BZ: The Hamdans are so family-oriented and concerned about each other, and we see virtually no arguing or teenage angst as we would in most American families—maybe a little in Khaled when he’s having trouble accepting his sister’s disease and wants to feel independent enough that he can help. Do you think this is a difference in cultures? Or is because they’re living under such awful circumstances with a child who is terminally ill they just can’t afford to have fissures in the family?
GC: I believe that family squabbles become minimal when a loved one is very sick. Families tend to come together and put their personal differences aside when experiencing grief. In different cultures, love will always be love and death will always be death.
BZ: What are you working on now?
CG: Thanks for asking, Bonnie, as I’m very excited about my next novel, which should be finished by the end of the summer. A few years ago, I had the opportunity to travel to Cuba with my elderly mother on a People-to-People tour. We were touched by the warmth of the Cuban people, the depth of culture, and the painful separation of families. This unforgettable experience influenced me to write On the Island of Sugar and Secrets.

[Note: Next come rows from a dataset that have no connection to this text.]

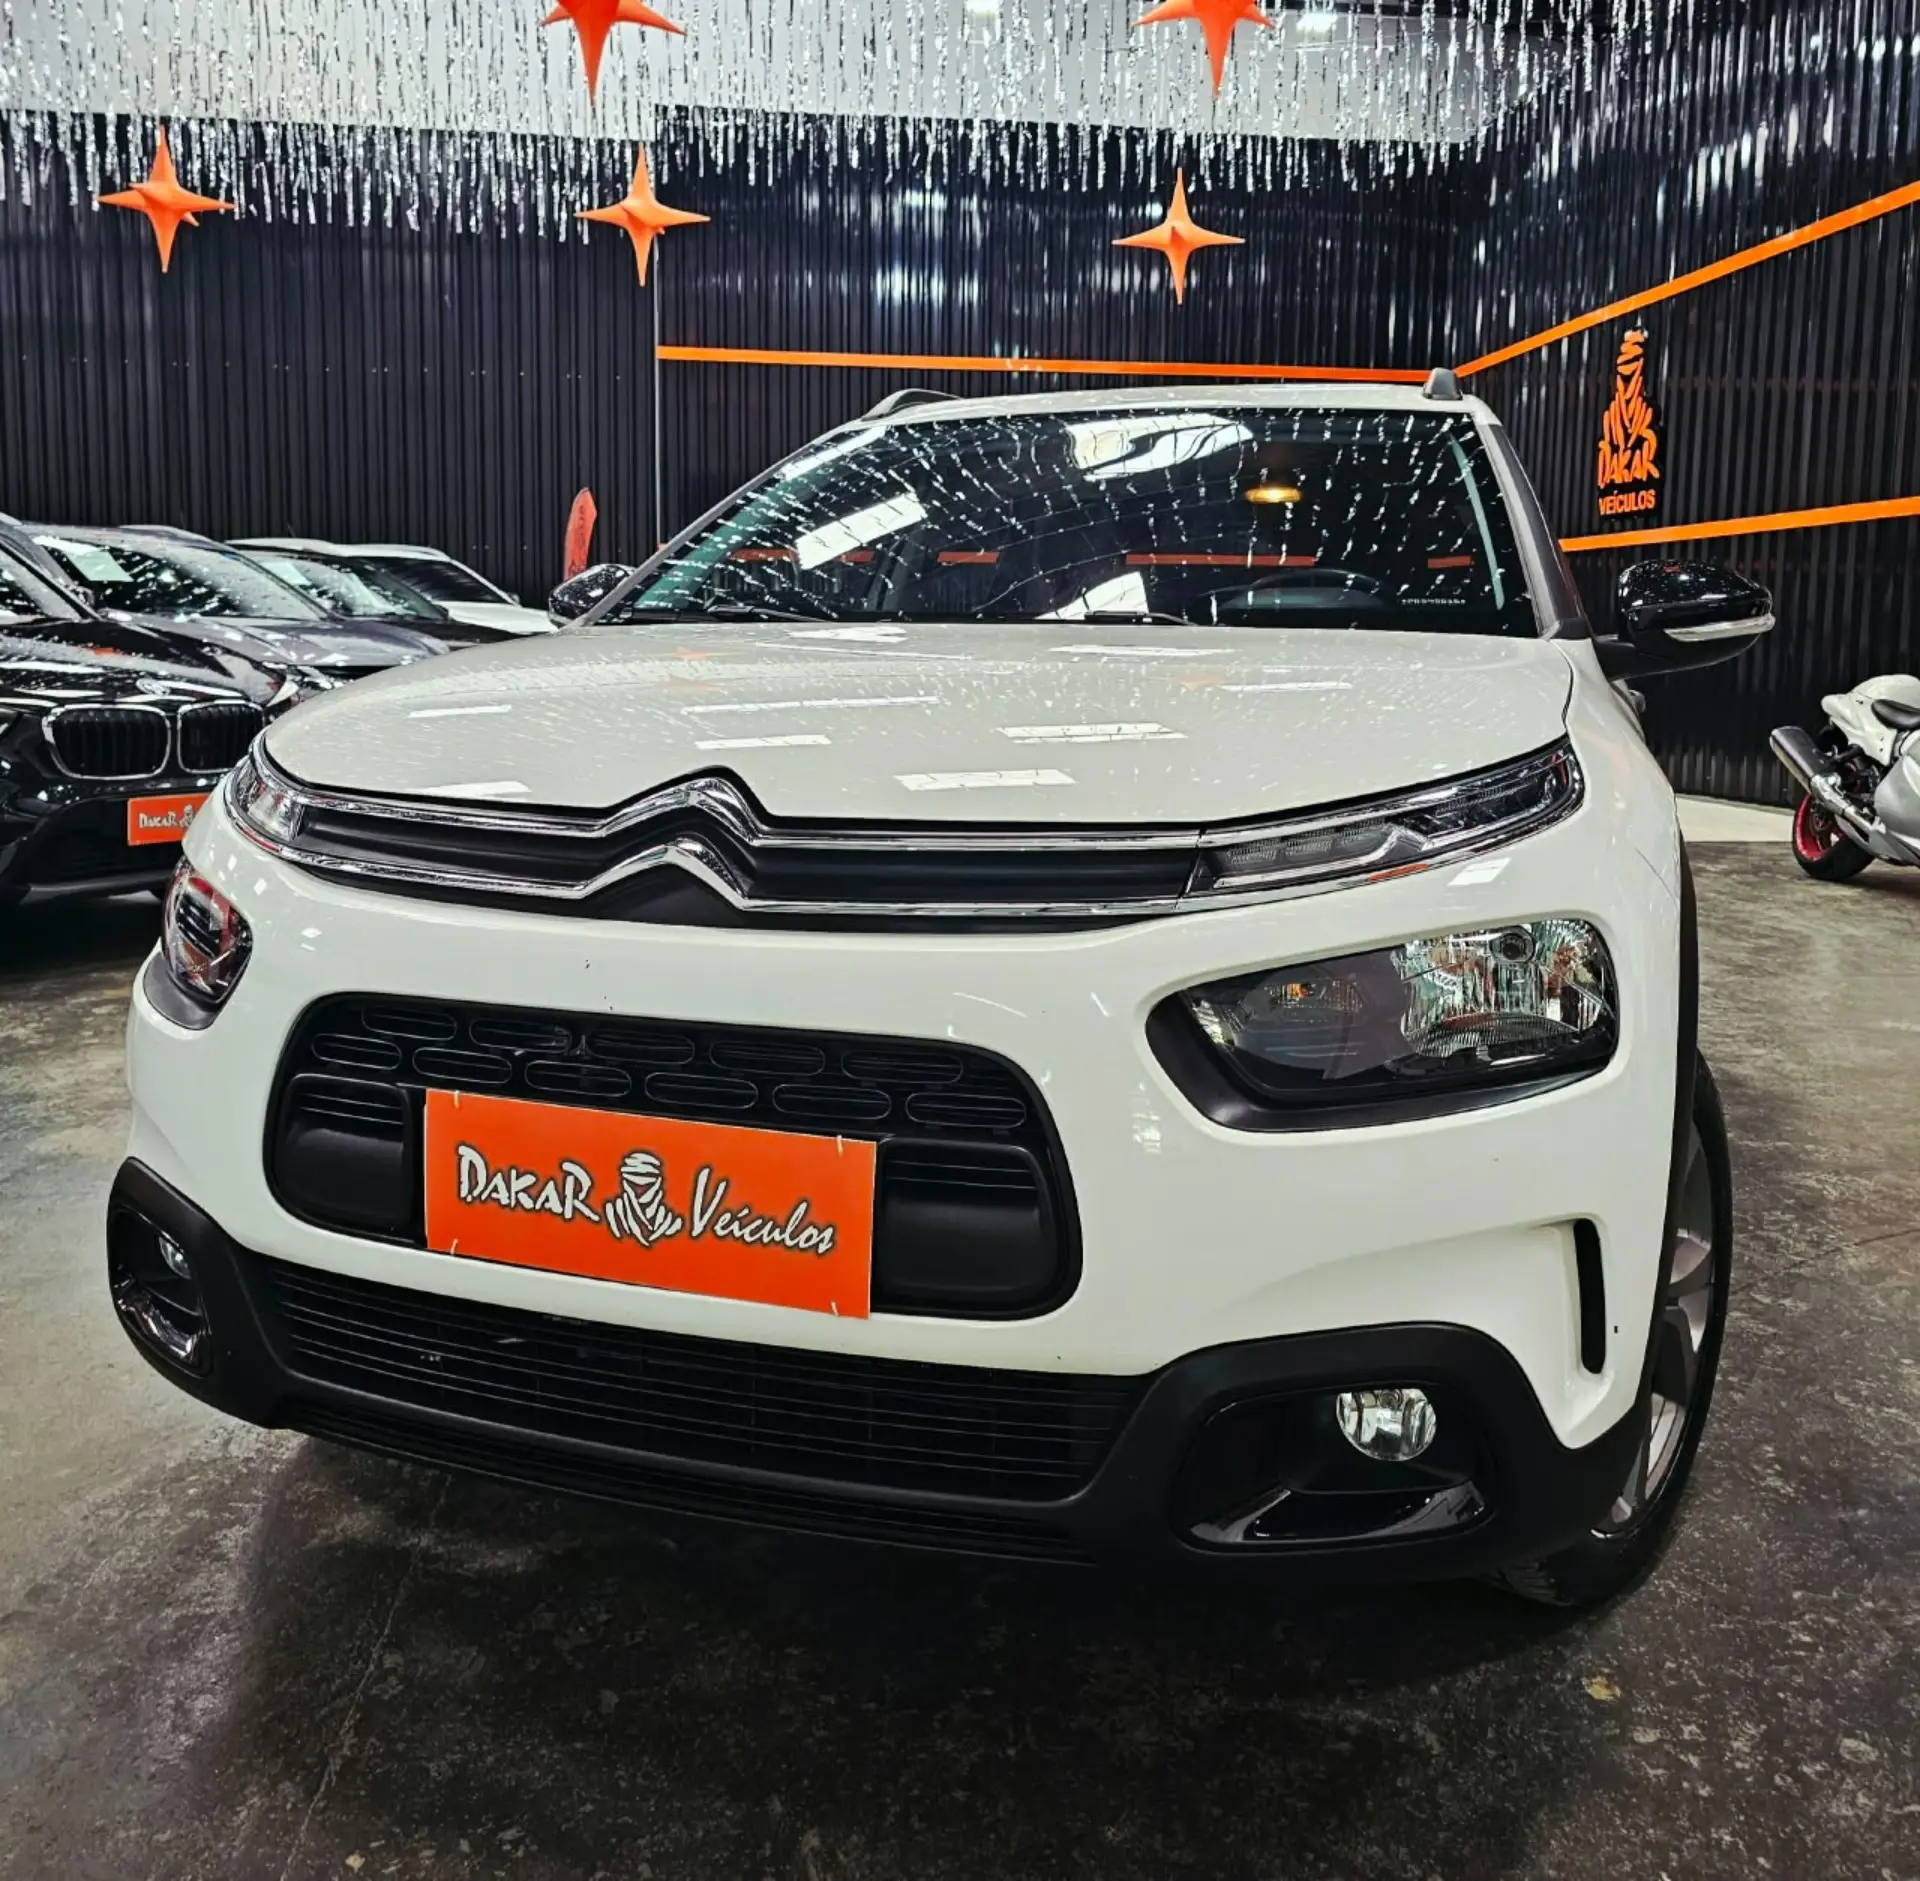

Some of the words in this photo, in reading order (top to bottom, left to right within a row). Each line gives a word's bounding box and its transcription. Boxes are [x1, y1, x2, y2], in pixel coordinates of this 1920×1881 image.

[1598, 428, 1660, 489] DAKAR
[138, 810, 178, 829] DAKAR
[456, 1143, 600, 1223] DAKAR
[690, 1165, 836, 1256] Veículos
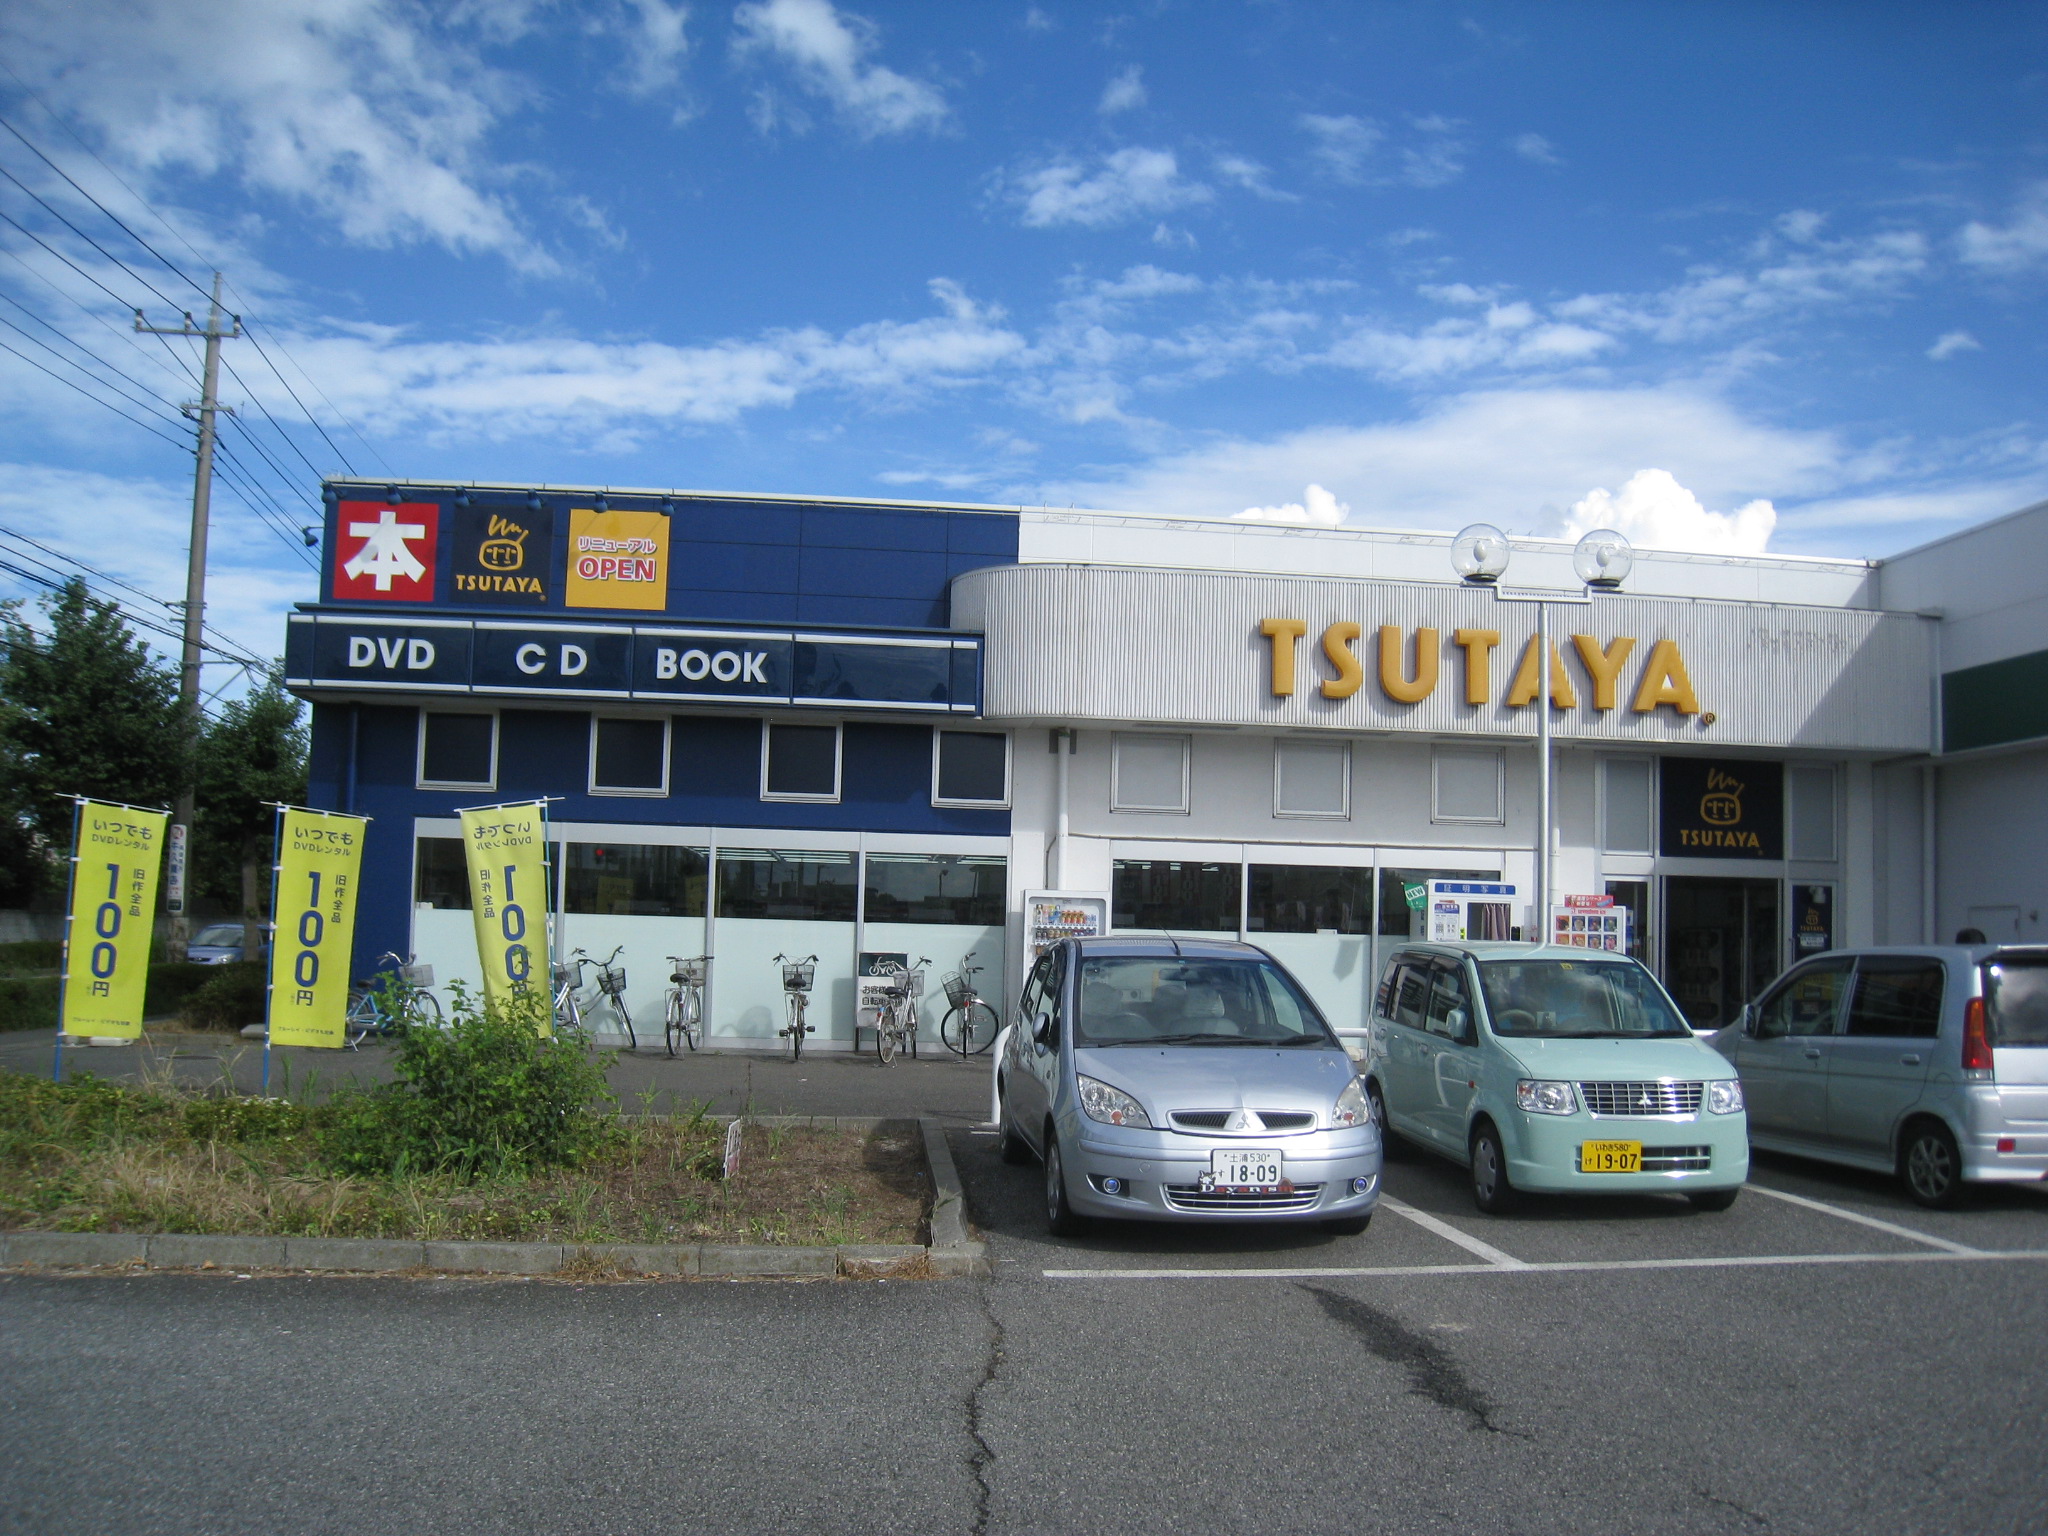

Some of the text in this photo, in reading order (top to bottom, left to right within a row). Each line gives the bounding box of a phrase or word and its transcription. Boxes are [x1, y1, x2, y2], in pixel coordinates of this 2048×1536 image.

At fifteen, Elliot Chan is one of the abandoned. After his mother left him to save street dogs in Crimea, he is chosen for his immense talent to the play the cello at Carnegie Hall. Yet the opportunity for greatness turns to terror as Elliot is placed under investigation for a horrific crime at his Carnegie Hall debut. Along with his grandmother, they flee to Cuba to find her first husband, a lost love, after being separated by 50 plus years of embargo. But Elliot must risk a great deal—in fact he has to leave behind everything he loves—in order to save himself. On the island, Elliot’s exiled grandfather, a former dissident turned hustler, manufactures medicine producing animals that seem like science fiction. He fights his captivity by acting crazy as deception is more powerful than the gun. Fear turns to wonder as Elliot disappears into a netherworld of spies, fugitives, mojitos and smoking hot women. From Canada to Carnegie Hall to Cuba, it would take another revolution to make up Elliot’s adventures. Captured by a tragic beauty, he is certain he ceases to exist and then miraculously reinvents himself. The Island of Sugar and Secrets is a testament that explores the generosity of love and a journey that maddens, toughens and restores a teenage boy who grows up.
BZ: Great talking with you, Gail! Can’t wait to read this next one.